Notice that now our time is only 0.15 seconds—much improved! Of note is that even if we had created a dummy xCubethat wasn’t quite long enough, or if we made one that was too long and needed some null entries deleted off the end, this would still be faster. Thus, even when it may not be possible or convenient to know the size of the variable needed before running the loop, it may be beneficial to create a container that is likely large enough to store the data in first.

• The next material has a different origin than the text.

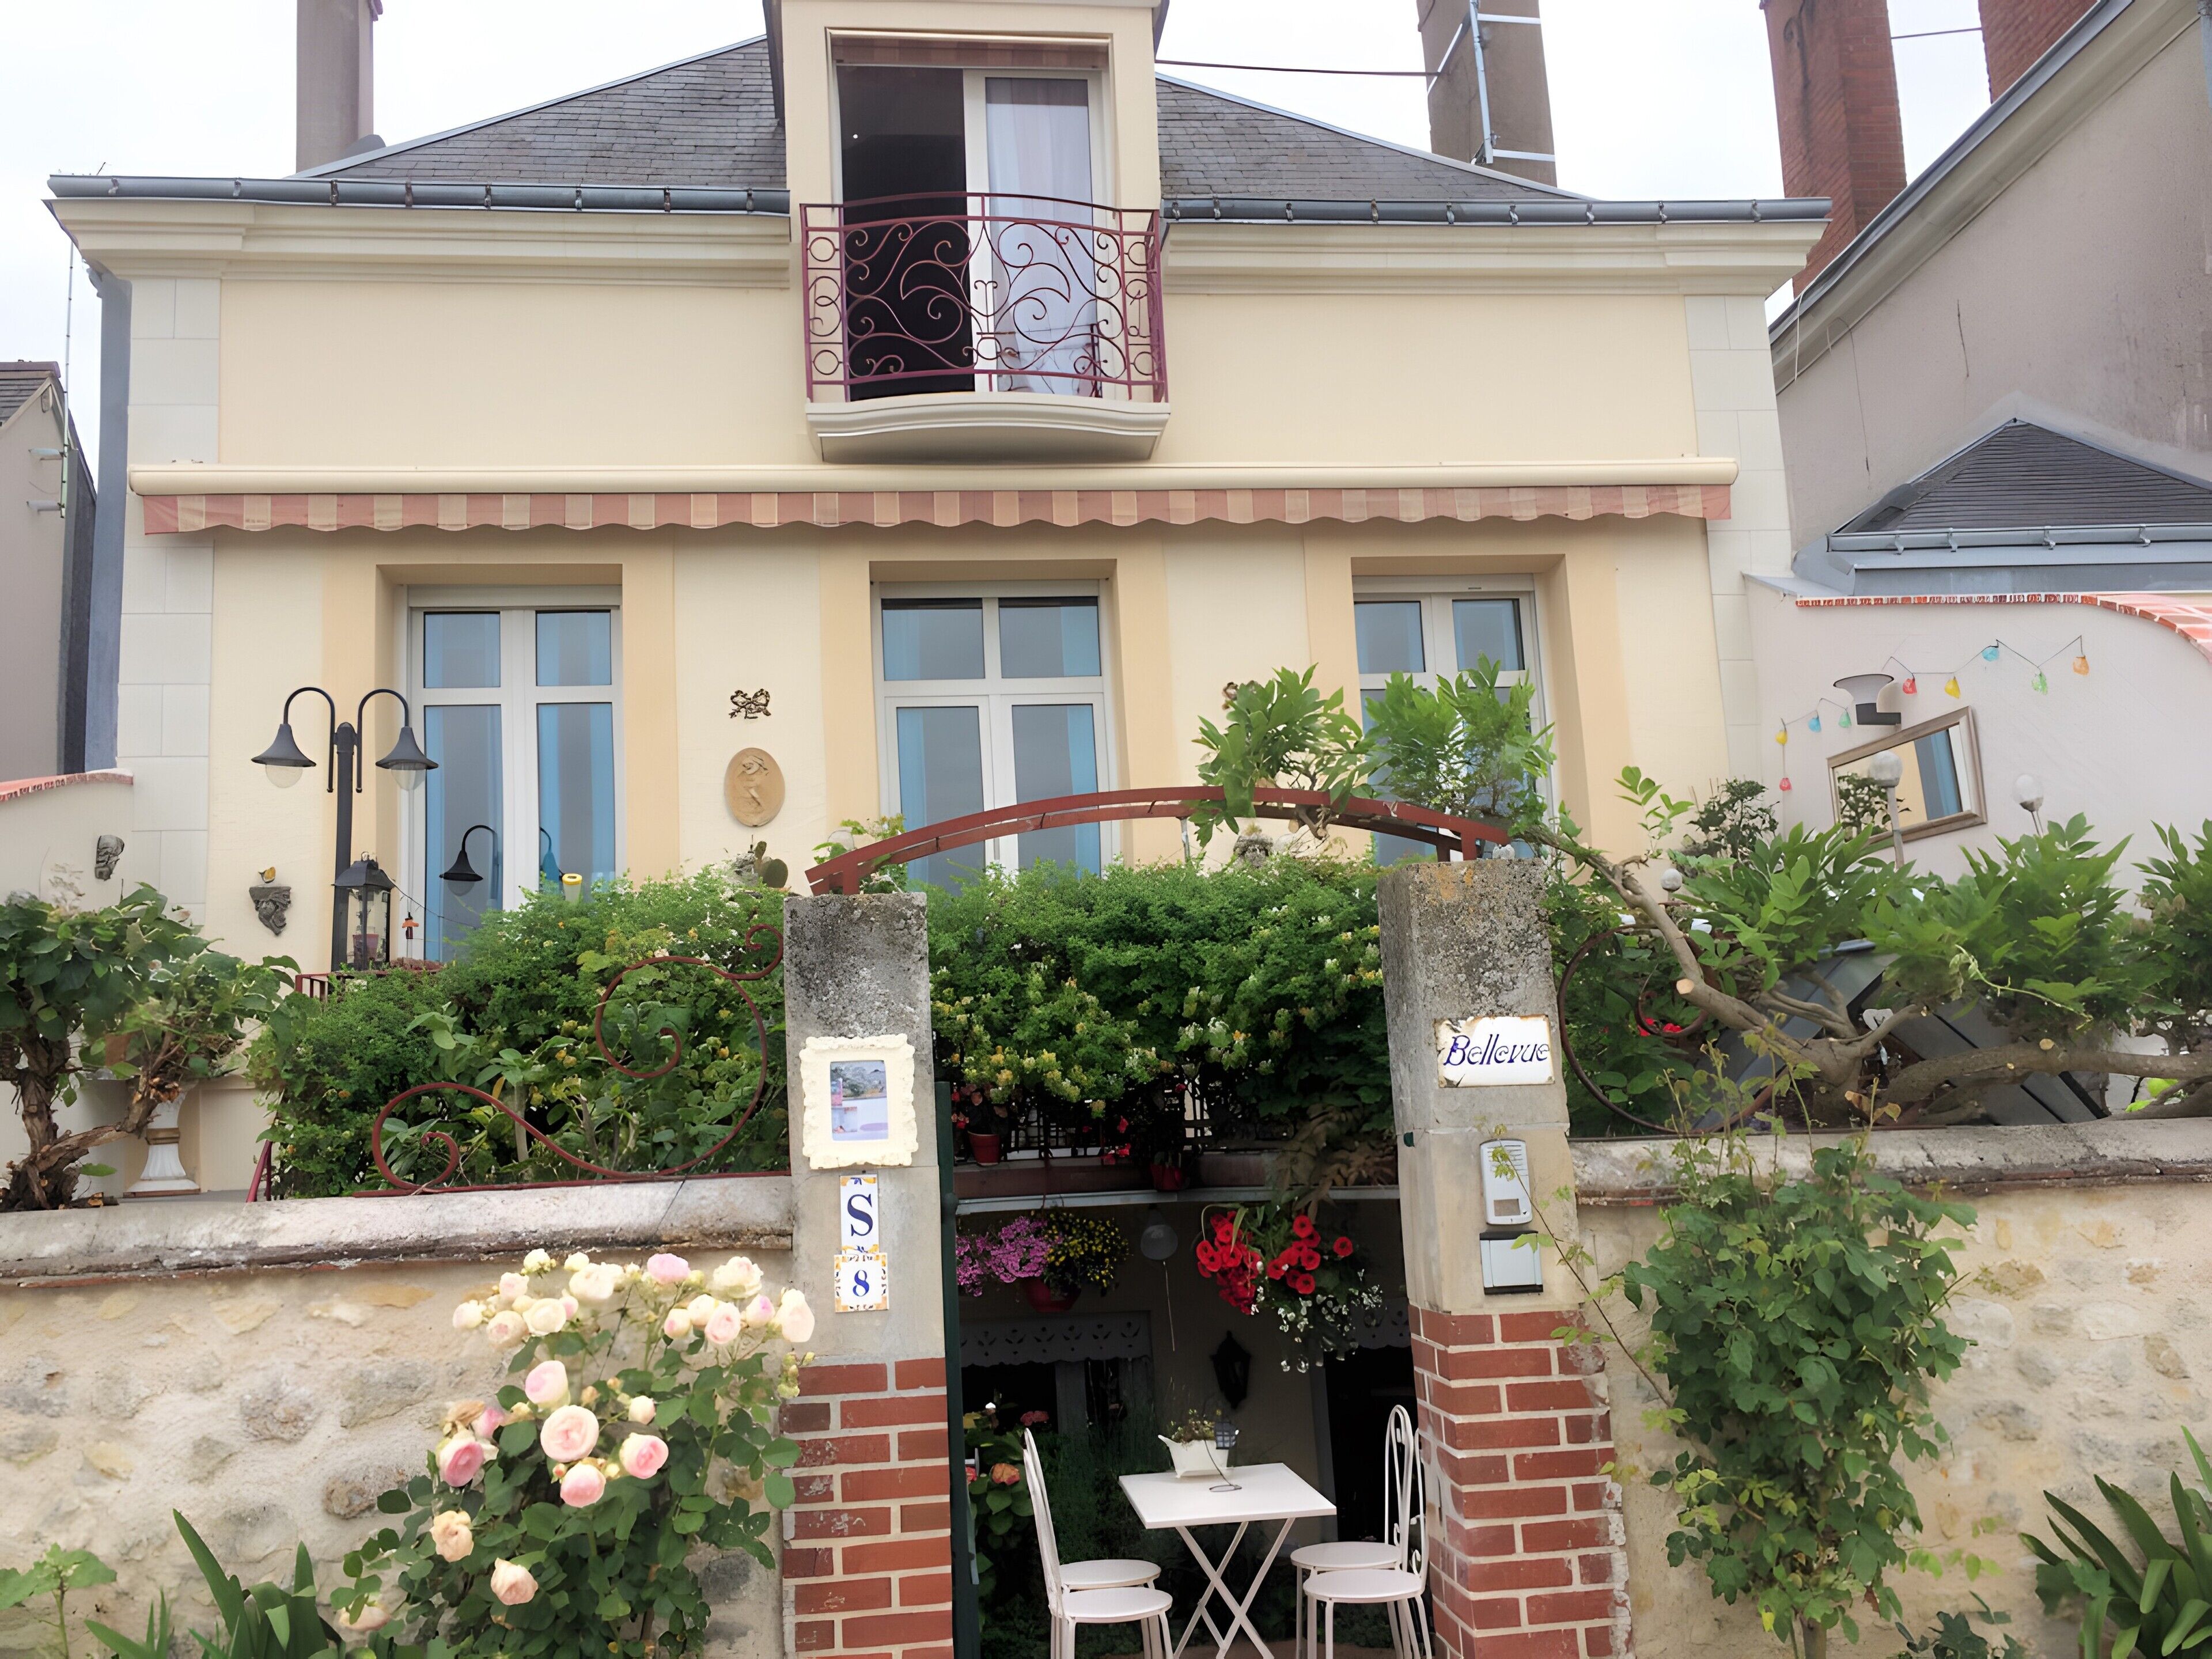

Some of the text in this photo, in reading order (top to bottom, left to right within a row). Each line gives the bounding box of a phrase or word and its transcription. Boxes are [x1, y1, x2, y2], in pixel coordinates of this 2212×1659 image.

Now, for this particular example, a for loop is the wrong way to go. R has powerful and fast underlying code for some of its simplest functions. Notice that there is almost no elapsed time at all (of course, there is some, but depending on the operating system, some differences are not noticeable). Also, notice that the head()function can take negative numbers, to count backward from the end, to show the following:

xCube <- NULL              
vTime <- proc.time()
xCube <- x^3
vTime <- proc.time()-vTime
head(xCube, -99994)
[1]   1   8  27  64 125 216
vTime
   user  system elapsed
      0       0       0

Other types of loops exist. The for loop is best suited to running a process a certain number of times, and, when it gets to the end, stopping. The whileloop, on the other hand, is best suited to running a process an uncertain number of times until a stop condition happens. Often, it is possible to gain the same results with different types of loops (or as you have just seen, without a loop at all). All the same, each type of loop tends to have a more natural use under certain conditions. As an exercise on your own, after studying the while loop example we give, see if you can duplicate the previous cubing results.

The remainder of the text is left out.